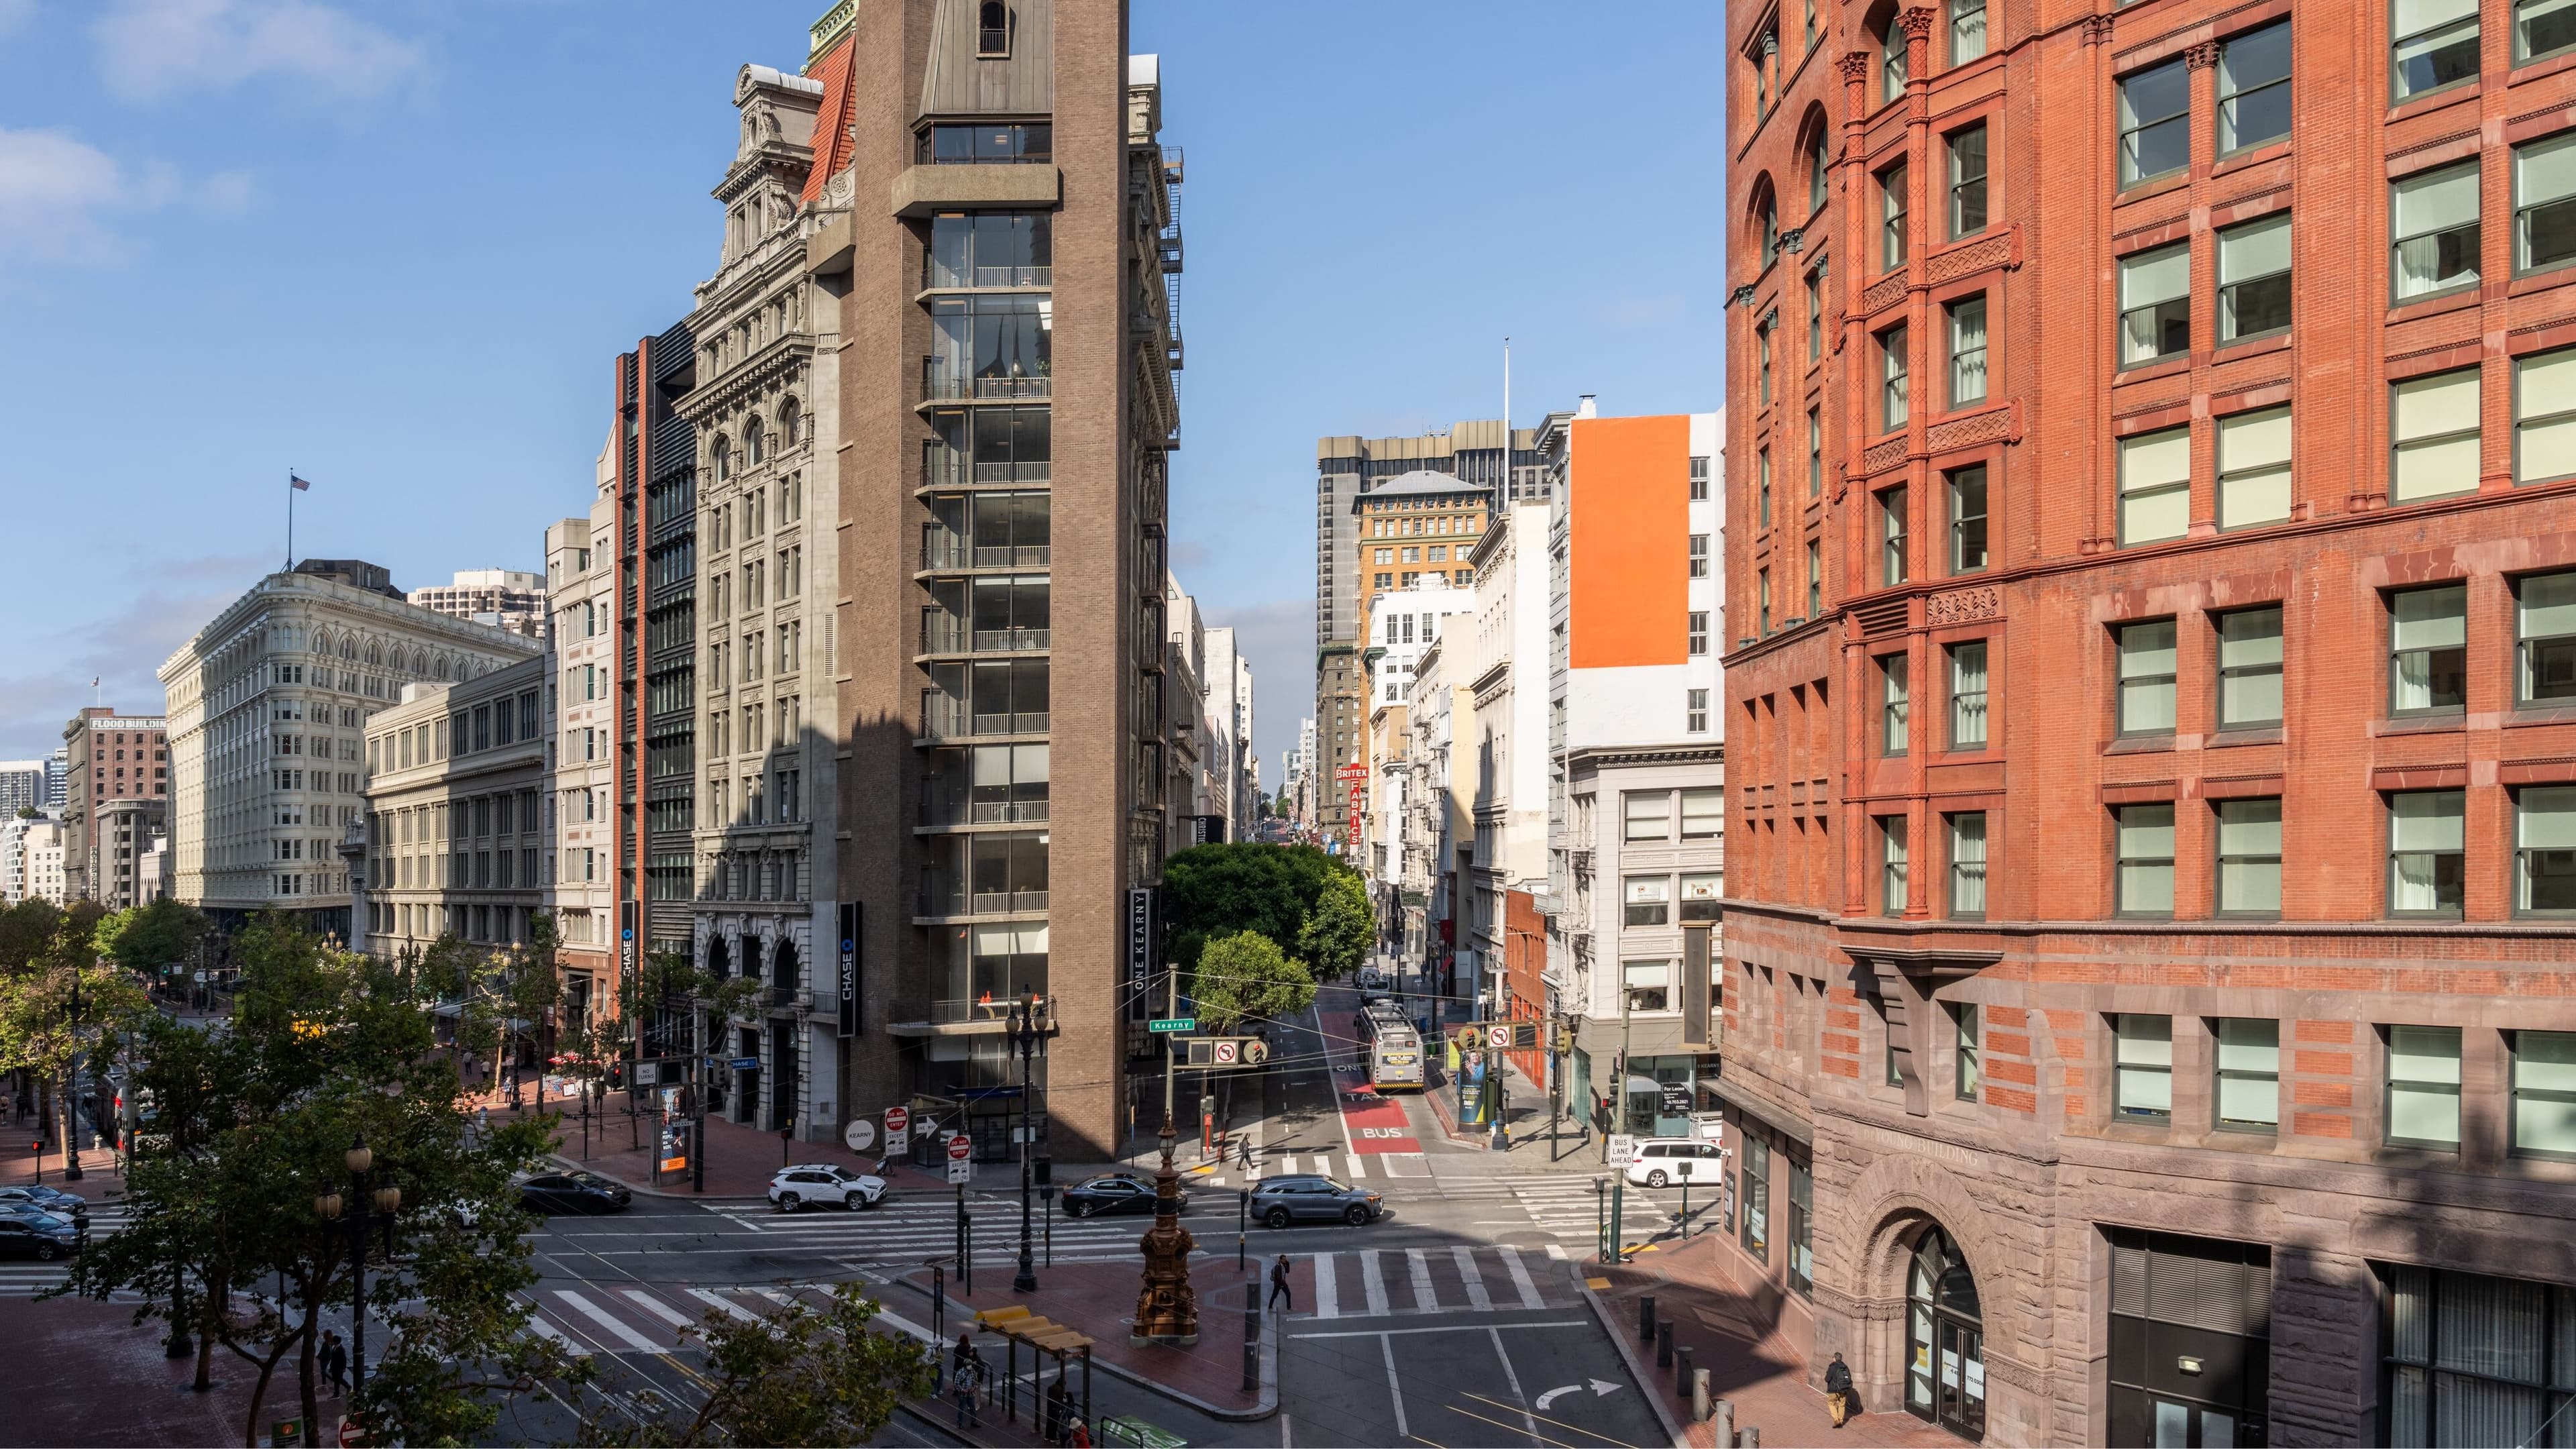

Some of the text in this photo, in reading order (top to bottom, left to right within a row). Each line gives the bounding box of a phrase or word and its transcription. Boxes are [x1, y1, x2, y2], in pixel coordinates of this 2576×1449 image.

[92, 720, 166, 728] FLOOD BUILDIN
[1336, 769, 1367, 779] BRITEX
[1135, 896, 1144, 990] ONE KEARNY
[843, 953, 852, 1000] CHASE
[1155, 1021, 1189, 1030] Kearny
[1362, 1128, 1403, 1138] BUS
[1917, 1140, 1978, 1166] BUILDING
[1611, 1156, 1632, 1165] AHEAD

__Work request__
Every entry must be written out exactly, with all pictures left out.

__Task solution__
Some of the text in this photo, in reading order (top to bottom, left to right within a row). Each line gives the bounding box of a phrase or word and its transcription. Boxes are [x1, y1, x2, y2], in pixel coordinates of this 2576×1449 image.

[92, 720, 166, 728] FLOOD BUILDIN
[1336, 769, 1367, 779] BRITEX
[1135, 896, 1144, 990] ONE KEARNY
[843, 953, 852, 1000] CHASE
[1155, 1021, 1189, 1030] Kearny
[1362, 1128, 1403, 1138] BUS
[1917, 1140, 1978, 1166] BUILDING
[1611, 1156, 1632, 1165] AHEAD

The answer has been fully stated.